Dos objetos inanimados, locais, regiões, casas e bosques passaremos aos entes vivos. Imaginemos diversos animais como cães, gatos, pássaros, cavalos, vacas, bezerros, galinhas, tão plasticamente quanto na concentração dos objetos. Inicialmente durante cinco minutos com os olhos fechados, e depois com os olhos abertos. Dominado esse exercício, devemos imaginar os animais em seus movimentos: um gatinho se lavando, caçando um camundongo, bebendo leite; um cão latindo, correndo; um pássaro voando, bicando a comida no chão, etc. Estas e outras combinações semelhantes devem ser escolhidas à vontade pelo aluno, primeiro com os olhos fechados a depois com eles abertos. Ao conseguirmos fazê-lo durante cinco minutos sem perturbações, então o exercício estará completo, e poderemos passar adiante.
Do mesmo modo devemos proceder quanto aos seres humanos. Primeiro os amigos, parentes, conhecidos, falecidos, e depois pessoas estranhas que nunca vimos antes. Depois imaginemos as feições de seus rostos, a cabeça toda, e por último o corpo inteiro coberto pela roupa. Sempre primeiro com os olhos fechados e depois com os olhos abertos. A duração mínima de cinco minutos deve ser alcançada antes de continuarmos, imaginando as pessoas em movimento, portanto, andando, trabalhando e falando. Fazendo isso com um dos sentidos, por exemplo, a visão, devemos combiná-lo com outro, que pode ser a audição, ou a imaginação auditiva; assim ao imaginarmos a voz da pessoa, devemos ouvi-la falando. Devemos nos esforçar em adaptar a imaginação à realidade, por exemplo imaginar a tonalidade, a velocidade e o ritmo da fala real da pessoa em questão. Primeiro com os olhos fechados, depois com eles abertos.
Poderemos então dar prosseguimento a esse exercício imaginando pessoas totalmente desconhecidas e inventando diversas feições e vozes para elas. Podem ser pessoas de ambos os sexos e diversas idades.
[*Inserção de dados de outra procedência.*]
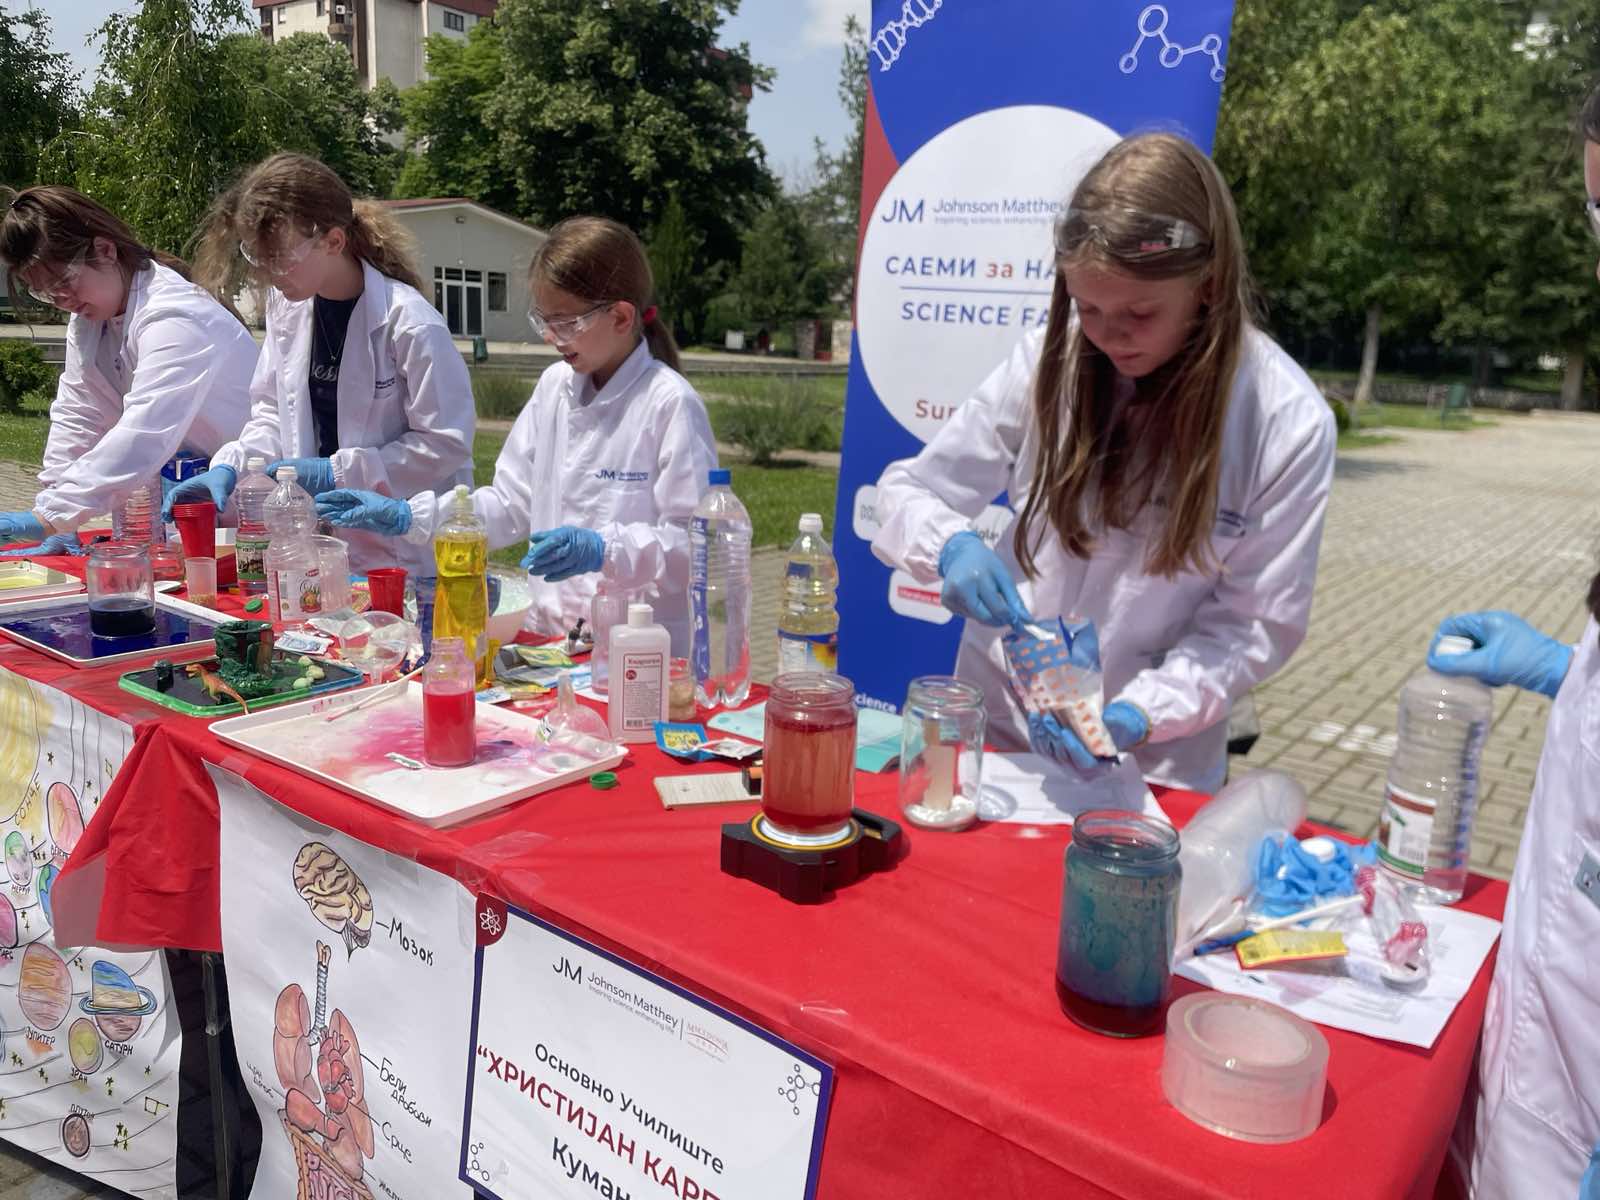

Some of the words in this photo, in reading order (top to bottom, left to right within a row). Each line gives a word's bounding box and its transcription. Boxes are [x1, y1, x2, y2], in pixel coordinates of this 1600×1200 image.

Imaginemos pessoas de outras raças, mulheres e homens, jovens e velhos, crianças, como por exemplo, indianos, negros, chineses, japoneses. Como meios auxiliares podemos usar livros e revistas ilustradas, assim como fazer visitas aos museus. Depois de alcançarmos o objetivo de fixar a imagem durante cinco minutos com os olhos fechados e também com eles abertos, a instrução mágica do espírito, do terceiro grau, estará completa.
Em todos os exercícios devemos ter muita paciência, perseverança, constância e tenacidade, para dominar os mais difíceis. Aqueles alunos que conseguem dispender o esforço exigido, ficarão muito satisfeitos com as forças obtidas através dos exercícios de concentração e poderão aprofundá-las no grau seguinte. Os exercícios de concentração dessa etapa fortalecem não só a força de vontade e a capacidade de concentração, mas todas as forças em conjunto, intelectuais e espirituais, despertam a capacidade mágica do espírito e são imprescindíveis como pré-exercício para a transmissão do pensamento, a telepatia, a viagem mental, a clarividência, a vidência à distância e outros. Sem essas capacidades o futuro mago não progredirá. Por isso, devemos empenhar todos os nossos esforços em trabalhar com cuidado e constância.